Verlas a las dos juntas, es una delicia. Una, pelirroja, y la otra, con ese rubio tan intenso, que solo los escandinavos pueden tener. Elke es algo más alta que mi hermana, pero más esbelta. El mini vestido de lamé que viste deja patente sus perfectas y larguísimas piernas. Lleva el pelo recogido en un alto moño, del que brotan rizadas guedejas rubias, que se reparten graciosamente en su expuesta nuca y en sus sienes. Sus ojos se parecen bastante a los míos, algo menos grises, y más azules, pero igualmente claros. Elke es una de esas personas que tienen una mirada franca y sincera, incapaz de ocultar malos sentimientos. Eso, unido a la simetría perfecta de sus facciones, la convierte en una de las modelos más contratadas de la agencia. Es como una bella estatua que hubiera cobrado vida.
Cenamos los cinco entre buenos deseos, continuados brindis y suaves besos. Tomamos las uvas en el momento indicado y reparto piquitos en los labios de todas. La verdad es que las chicas me han vestido que me salgo esta noche. Camisa de seda, roja y negra, un pantalón de fina mezclilla, gris perla, con una caída perfecta que el sastre de Massimo Dutti arregló personalmente.
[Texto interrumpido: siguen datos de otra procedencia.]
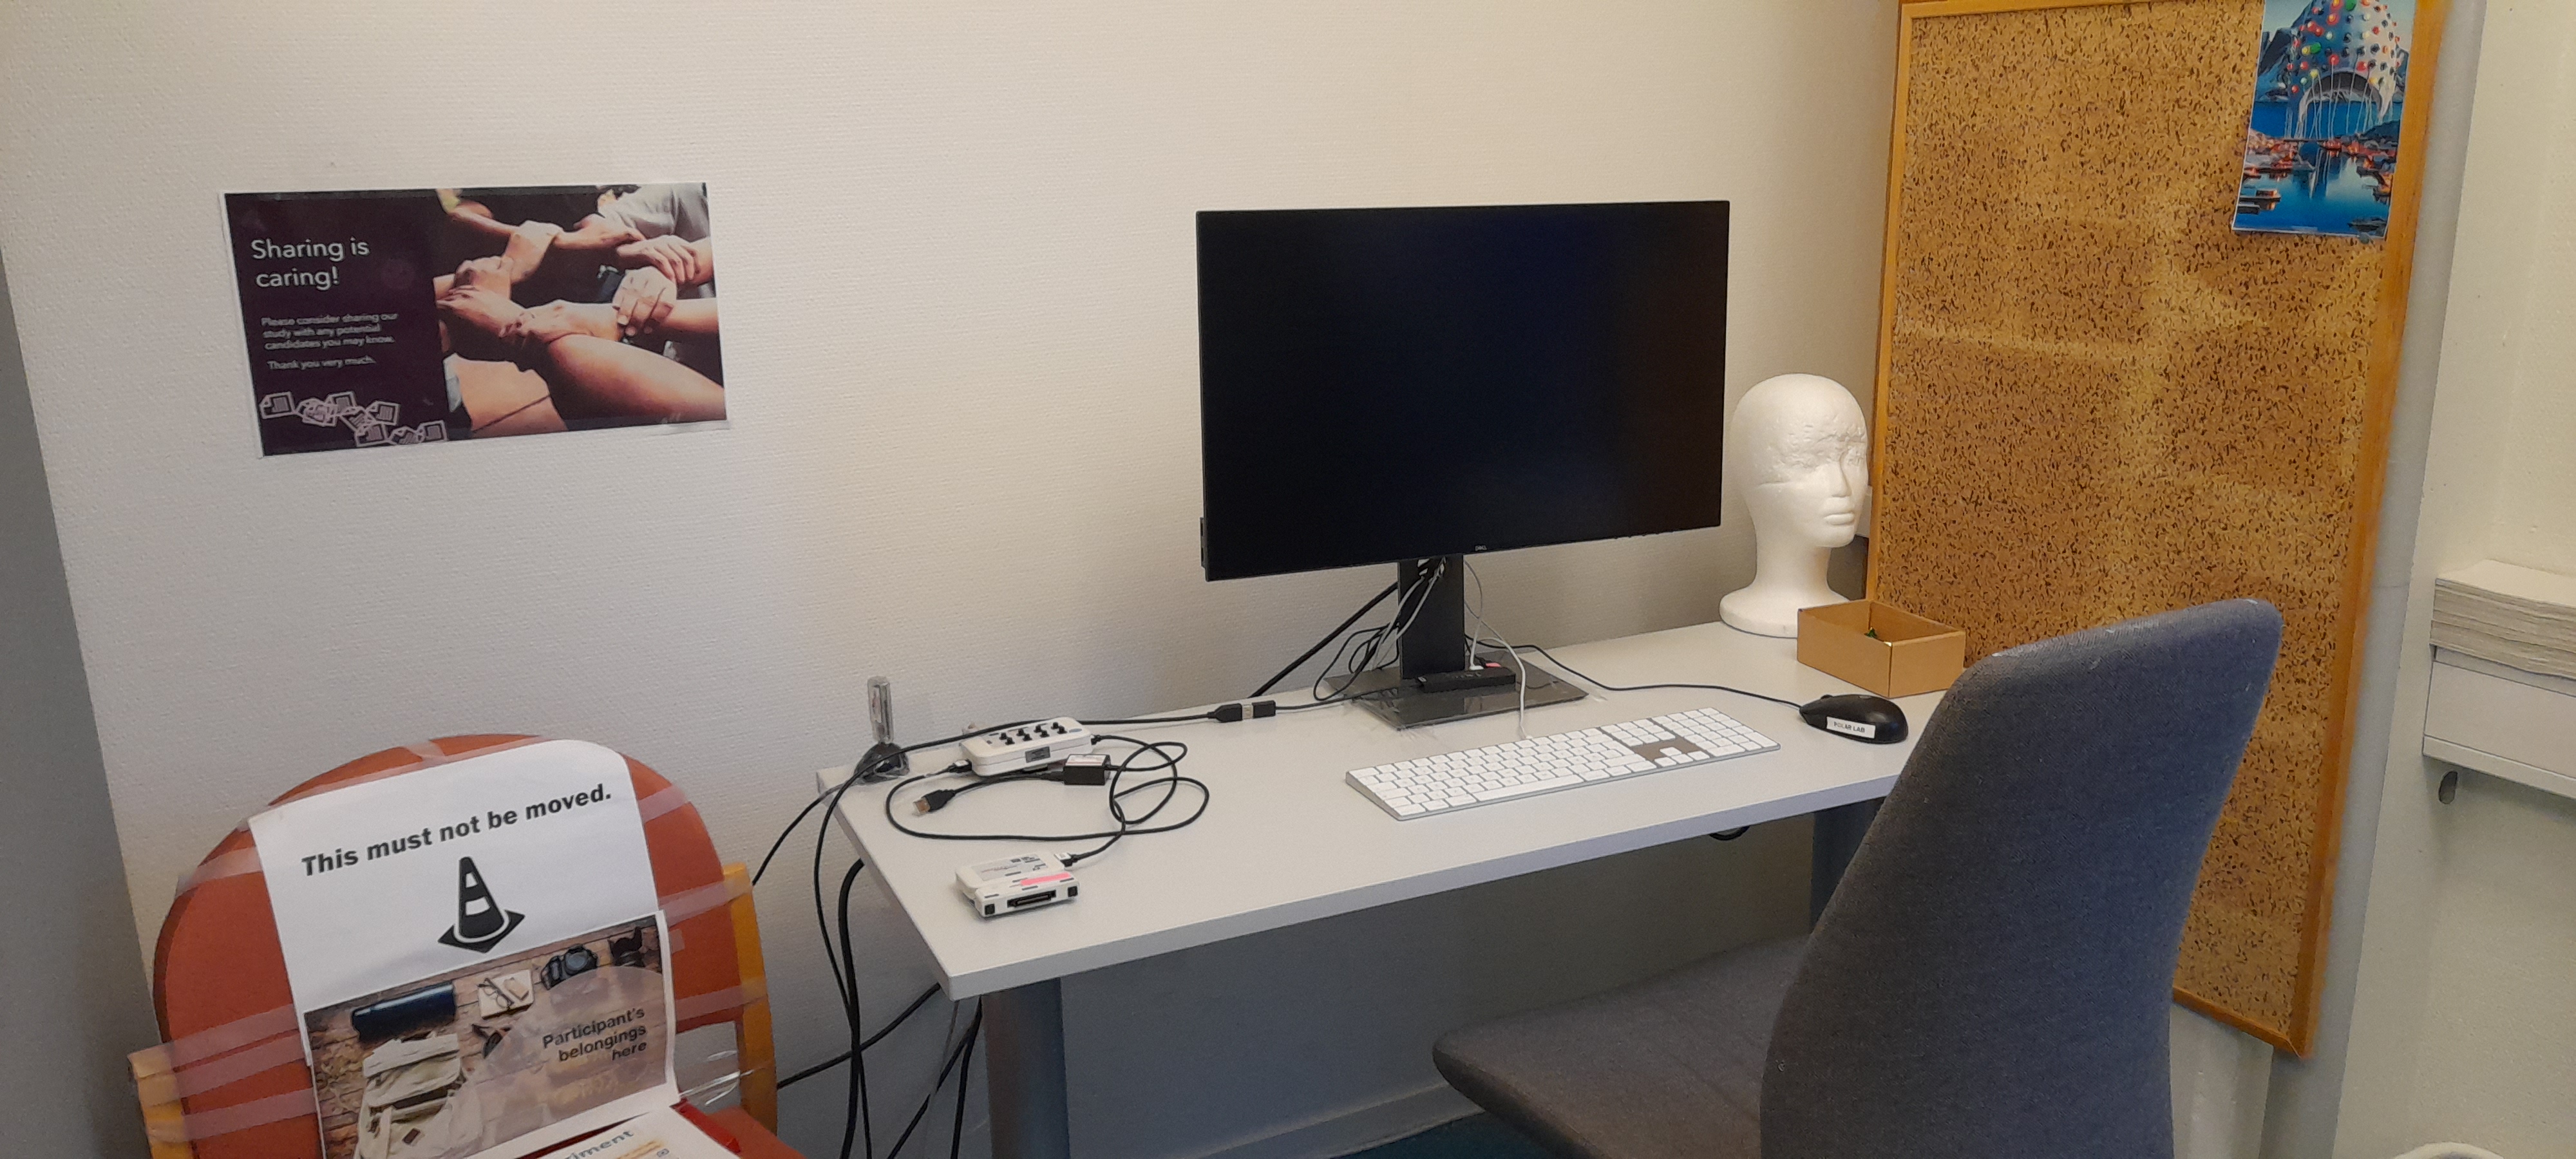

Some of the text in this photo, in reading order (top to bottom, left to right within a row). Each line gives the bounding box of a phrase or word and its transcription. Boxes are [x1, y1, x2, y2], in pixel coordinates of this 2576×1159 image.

[251, 236, 370, 261] Sharing is
[256, 265, 340, 291] caring!
[296, 315, 340, 325] consider
[322, 339, 341, 348] you
[342, 338, 365, 347] may
[300, 361, 321, 370] you
[322, 359, 344, 368] very
[301, 784, 612, 876] This must not be moved.
[542, 1008, 645, 1049] Participant's
[558, 1026, 647, 1062] belongings
[612, 1041, 647, 1060] here
Cinturón y zapatos a juego, imitación a charol. Vamos, pa comerme…
Bego se cuelga del brazo que Maby deja libre, y nos lleva al salón. Hay que celebrarlo con más champán. Pam llama a la granja para desear un feliz año a toda la familia, y me pasa el móvil para que haga lo mismo. Maby consigue contactar con su madre en Maui y charla con ella unos minutos. Bego, que no tiene familia a quien llamar, manifiesta con alegría, que su jefe se va a escapar pronto de su esposa e hijos, y vendrá al chalé.
―           Hay que empezar el año follando, ¿no? – dice, con una carcajada.
―           Claro que sí. Pienso hacer lo mismo, al final de la noche – itero alzando mi copa de champán.
―           Cuidado con el alcohol, peque. No estás acostumbrado – me sopla Pam, sobre mi hombro.
Es cierto. No he bebido nunca, pero me siento especialmente sediento esta noche. Empiezan a llegar los primeros invitados. Elke no se separa de Pam. Supone que, siendo las dos chicas que están solas, es lo más propio. Maby, embutida en su vestido tubular y blanco inmaculado, se cuelga de mi brazo, repitiendo el numerito del baile de Navidad. Me siento orgulloso de mi chica. Pam me sonríe, también aferrada a uno de los marfileños brazos de Elke, y me anima a seguir la velada. Mi hermana viste un flotante y nebuloso traje negro, que destaca poderosamente su pálida piel y el color de su cabello.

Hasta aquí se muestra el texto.